I used readLines from gutenbergr to read my list of legal cases into R. The code looks like this:
my_list <- list.files(path = "C:\\Users\\Ben Tice\\Documents\\R Stuff\\UW Job\\Cases\\data\\txts", pattern = "\\.txt$")
cases_lines <- lapply(my_list, readLines)
I can convert individual cases successfully like this:
df_convert <- data.frame(line=1:length(cases_lines[[1]]), text=cases_lines[[1]])
But I would like to be able to use data.frame on all 75 cases without having to convert each one separately.
I tried using the lapply function as well as for loops, but I cannot get either of them to work. For example,
df_convert2 <- lapply(cases_lines, data.frame(line=1:length(cases_lines[[i]]), text=cases_lines[[i]]))
runs but produces the following error message: "Error in cases_lines[[i]] : recursive indexing failed at level 2."
Ultimately, I need a list of the cases as data frames, so I can iterate through them with stringr functions to look for character patterns.
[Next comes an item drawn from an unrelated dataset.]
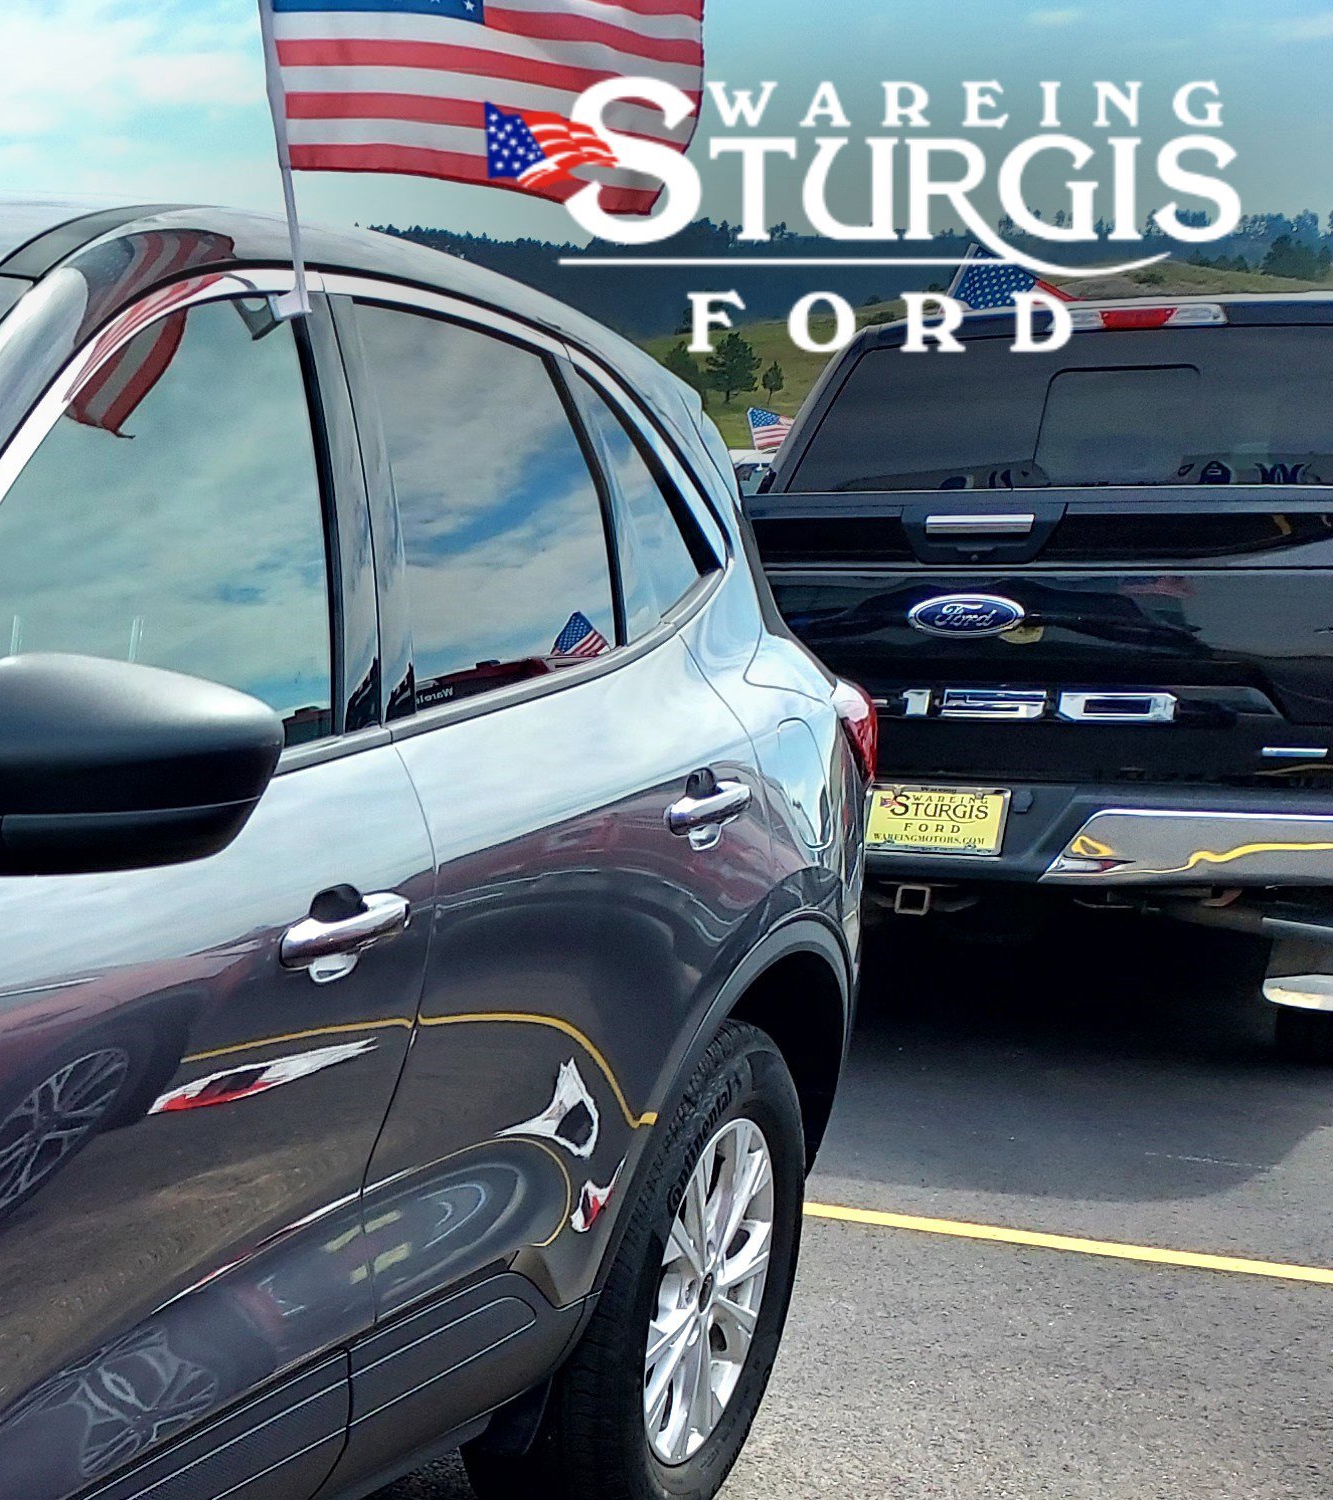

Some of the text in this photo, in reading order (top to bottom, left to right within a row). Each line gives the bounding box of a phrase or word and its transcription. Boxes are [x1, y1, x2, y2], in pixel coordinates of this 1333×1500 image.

Since you have all of your case files in a list, you can iterate over the list, convert each case file into a data frame, and store the data frames in another list. Maybe something like this can help:
cases_df <- list()
for(i in 1:length(cases_lines)){
cases_df[[i]] <- data.frame(line=1:length(cases_lines[[i]]), text=cases_lines[[i]])
}
This should create a list of 75 data frames of each case file.